> **TRY IT**: Give back every entry, copied exactly.

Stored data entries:
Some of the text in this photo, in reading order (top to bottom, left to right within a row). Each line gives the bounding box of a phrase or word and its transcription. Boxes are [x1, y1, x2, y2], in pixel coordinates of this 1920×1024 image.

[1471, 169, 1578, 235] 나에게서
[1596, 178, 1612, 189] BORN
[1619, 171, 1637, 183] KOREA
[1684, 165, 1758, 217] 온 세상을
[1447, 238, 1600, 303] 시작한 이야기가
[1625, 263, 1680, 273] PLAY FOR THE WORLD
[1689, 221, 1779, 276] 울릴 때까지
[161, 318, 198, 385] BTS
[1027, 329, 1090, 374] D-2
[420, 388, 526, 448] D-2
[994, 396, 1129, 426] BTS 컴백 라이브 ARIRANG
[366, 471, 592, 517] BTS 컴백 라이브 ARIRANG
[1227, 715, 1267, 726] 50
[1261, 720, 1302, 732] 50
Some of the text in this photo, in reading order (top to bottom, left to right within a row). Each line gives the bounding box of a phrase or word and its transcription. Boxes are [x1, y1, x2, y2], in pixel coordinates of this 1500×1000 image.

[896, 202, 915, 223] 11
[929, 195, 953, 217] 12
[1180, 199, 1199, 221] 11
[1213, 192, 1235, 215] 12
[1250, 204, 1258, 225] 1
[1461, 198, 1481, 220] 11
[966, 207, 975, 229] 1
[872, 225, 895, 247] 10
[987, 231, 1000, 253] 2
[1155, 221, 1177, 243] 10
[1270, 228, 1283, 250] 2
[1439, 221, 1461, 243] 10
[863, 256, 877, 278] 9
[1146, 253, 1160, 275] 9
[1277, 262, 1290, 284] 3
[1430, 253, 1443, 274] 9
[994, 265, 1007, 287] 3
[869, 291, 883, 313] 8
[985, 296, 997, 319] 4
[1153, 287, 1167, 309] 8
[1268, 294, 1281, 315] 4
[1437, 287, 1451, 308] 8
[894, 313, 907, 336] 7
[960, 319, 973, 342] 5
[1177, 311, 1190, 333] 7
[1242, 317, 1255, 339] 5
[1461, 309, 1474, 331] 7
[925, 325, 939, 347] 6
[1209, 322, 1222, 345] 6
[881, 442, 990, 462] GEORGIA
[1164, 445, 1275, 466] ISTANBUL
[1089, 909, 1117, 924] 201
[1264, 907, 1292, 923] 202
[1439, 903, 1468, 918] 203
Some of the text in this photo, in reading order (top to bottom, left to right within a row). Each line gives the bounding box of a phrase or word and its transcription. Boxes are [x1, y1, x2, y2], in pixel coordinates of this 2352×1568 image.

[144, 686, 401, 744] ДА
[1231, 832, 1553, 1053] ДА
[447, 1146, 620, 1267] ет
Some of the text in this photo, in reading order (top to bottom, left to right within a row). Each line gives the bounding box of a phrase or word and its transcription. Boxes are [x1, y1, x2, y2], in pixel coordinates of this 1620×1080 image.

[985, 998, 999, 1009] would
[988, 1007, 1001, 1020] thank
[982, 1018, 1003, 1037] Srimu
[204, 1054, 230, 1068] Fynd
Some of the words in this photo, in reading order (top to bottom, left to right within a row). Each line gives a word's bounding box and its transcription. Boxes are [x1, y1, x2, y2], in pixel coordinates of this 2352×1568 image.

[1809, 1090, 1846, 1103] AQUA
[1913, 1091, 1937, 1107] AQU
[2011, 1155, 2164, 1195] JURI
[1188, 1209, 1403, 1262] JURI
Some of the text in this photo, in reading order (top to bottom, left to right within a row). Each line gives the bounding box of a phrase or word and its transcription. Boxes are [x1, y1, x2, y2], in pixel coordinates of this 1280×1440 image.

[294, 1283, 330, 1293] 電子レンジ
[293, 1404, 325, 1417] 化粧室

> **EXPECTED OUTPUT**:
Some of the text in this photo, in reading order (top to bottom, left to right within a row). Each line gives the bounding box of a phrase or word and its transcription. Boxes are [x1, y1, x2, y2], in pixel coordinates of this 1920×1024 image.

[1471, 169, 1578, 235] 나에게서
[1596, 178, 1612, 189] BORN
[1619, 171, 1637, 183] KOREA
[1684, 165, 1758, 217] 온 세상을
[1447, 238, 1600, 303] 시작한 이야기가
[1625, 263, 1680, 273] PLAY FOR THE WORLD
[1689, 221, 1779, 276] 울릴 때까지
[161, 318, 198, 385] BTS
[1027, 329, 1090, 374] D-2
[420, 388, 526, 448] D-2
[994, 396, 1129, 426] BTS 컴백 라이브 ARIRANG
[366, 471, 592, 517] BTS 컴백 라이브 ARIRANG
[1227, 715, 1267, 726] 50
[1261, 720, 1302, 732] 50
Some of the text in this photo, in reading order (top to bottom, left to right within a row). Each line gives the bounding box of a phrase or word and its transcription. Boxes are [x1, y1, x2, y2], in pixel coordinates of this 1500×1000 image.

[896, 202, 915, 223] 11
[929, 195, 953, 217] 12
[1180, 199, 1199, 221] 11
[1213, 192, 1235, 215] 12
[1250, 204, 1258, 225] 1
[1461, 198, 1481, 220] 11
[966, 207, 975, 229] 1
[872, 225, 895, 247] 10
[987, 231, 1000, 253] 2
[1155, 221, 1177, 243] 10
[1270, 228, 1283, 250] 2
[1439, 221, 1461, 243] 10
[863, 256, 877, 278] 9
[1146, 253, 1160, 275] 9
[1277, 262, 1290, 284] 3
[1430, 253, 1443, 274] 9
[994, 265, 1007, 287] 3
[869, 291, 883, 313] 8
[985, 296, 997, 319] 4
[1153, 287, 1167, 309] 8
[1268, 294, 1281, 315] 4
[1437, 287, 1451, 308] 8
[894, 313, 907, 336] 7
[960, 319, 973, 342] 5
[1177, 311, 1190, 333] 7
[1242, 317, 1255, 339] 5
[1461, 309, 1474, 331] 7
[925, 325, 939, 347] 6
[1209, 322, 1222, 345] 6
[881, 442, 990, 462] GEORGIA
[1164, 445, 1275, 466] ISTANBUL
[1089, 909, 1117, 924] 201
[1264, 907, 1292, 923] 202
[1439, 903, 1468, 918] 203
Some of the text in this photo, in reading order (top to bottom, left to right within a row). Each line gives the bounding box of a phrase or word and its transcription. Boxes are [x1, y1, x2, y2], in pixel coordinates of this 2352×1568 image.

[144, 686, 401, 744] ДА
[1231, 832, 1553, 1053] ДА
[447, 1146, 620, 1267] ет
Some of the text in this photo, in reading order (top to bottom, left to right within a row). Each line gives the bounding box of a phrase or word and its transcription. Boxes are [x1, y1, x2, y2], in pixel coordinates of this 1620×1080 image.

[985, 998, 999, 1009] would
[988, 1007, 1001, 1020] thank
[982, 1018, 1003, 1037] Srimu
[204, 1054, 230, 1068] Fynd
Some of the words in this photo, in reading order (top to bottom, left to right within a row). Each line gives a word's bounding box and its transcription. Boxes are [x1, y1, x2, y2], in pixel coordinates of this 2352×1568 image.

[1809, 1090, 1846, 1103] AQUA
[1913, 1091, 1937, 1107] AQU
[2011, 1155, 2164, 1195] JURI
[1188, 1209, 1403, 1262] JURI
Some of the text in this photo, in reading order (top to bottom, left to right within a row). Each line gives the bounding box of a phrase or word and its transcription. Boxes are [x1, y1, x2, y2], in pixel coordinates of this 1280×1440 image.

[294, 1283, 330, 1293] 電子レンジ
[293, 1404, 325, 1417] 化粧室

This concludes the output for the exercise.